*** Opening Data to process ***

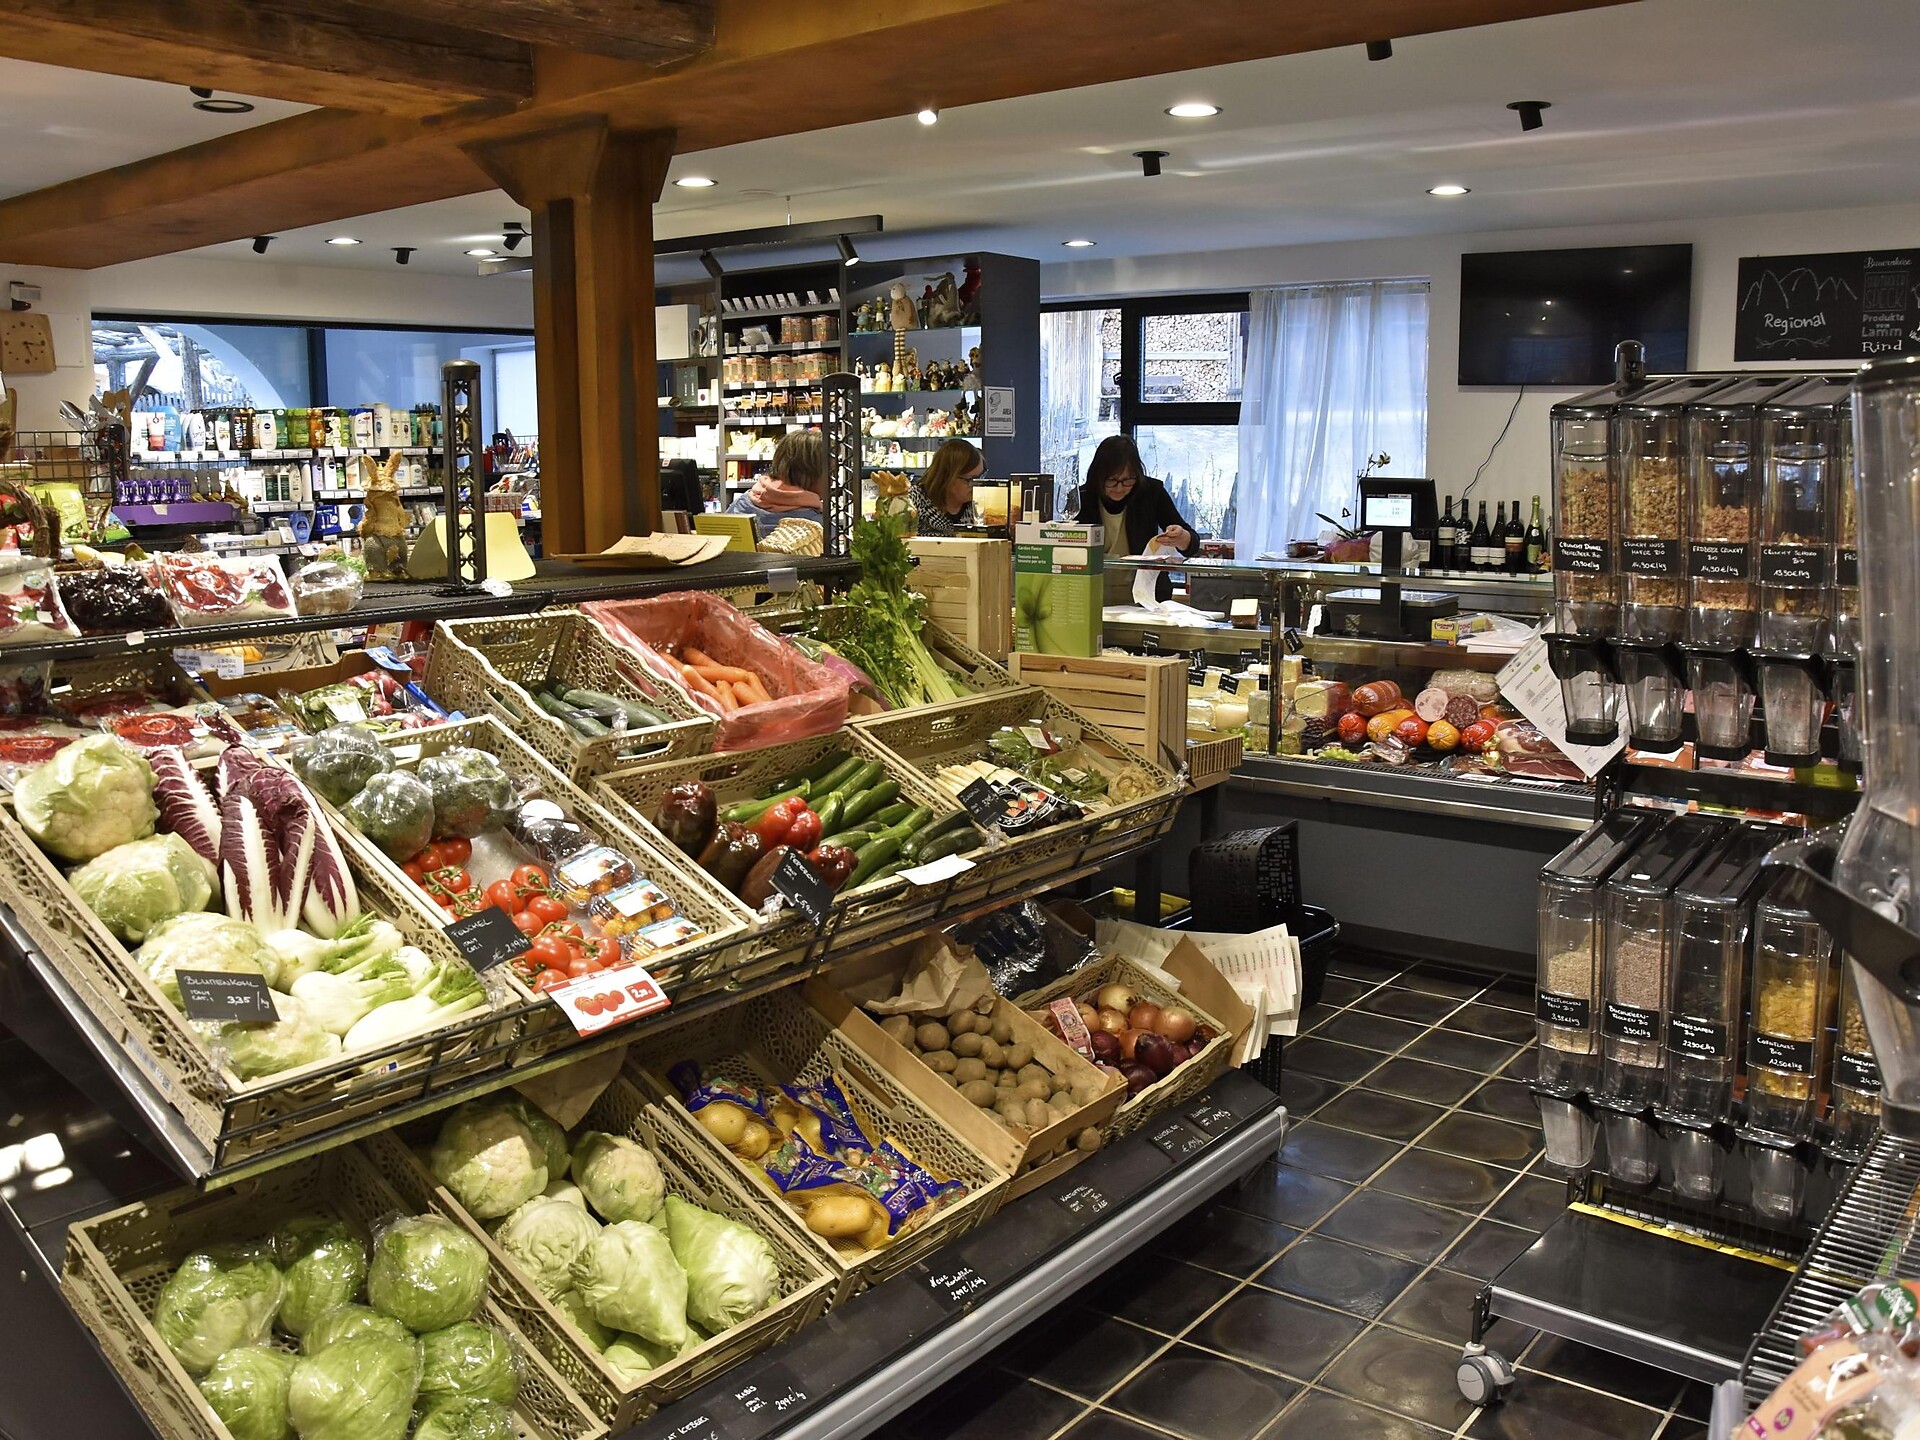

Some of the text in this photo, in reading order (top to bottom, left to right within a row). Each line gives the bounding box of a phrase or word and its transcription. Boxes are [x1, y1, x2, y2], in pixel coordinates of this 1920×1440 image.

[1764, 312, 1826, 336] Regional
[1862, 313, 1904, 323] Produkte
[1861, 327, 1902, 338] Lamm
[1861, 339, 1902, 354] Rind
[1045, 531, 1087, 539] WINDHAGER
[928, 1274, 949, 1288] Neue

*** Closing Data to process ***

*What you need to do*
Give the entries above again word for word, without the pictures.

*Answer to the exercise*
Some of the text in this photo, in reading order (top to bottom, left to right within a row). Each line gives the bounding box of a phrase or word and its transcription. Boxes are [x1, y1, x2, y2], in pixel coordinates of this 1920×1440 image.

[1764, 312, 1826, 336] Regional
[1862, 313, 1904, 323] Produkte
[1861, 327, 1902, 338] Lamm
[1861, 339, 1902, 354] Rind
[1045, 531, 1087, 539] WINDHAGER
[928, 1274, 949, 1288] Neue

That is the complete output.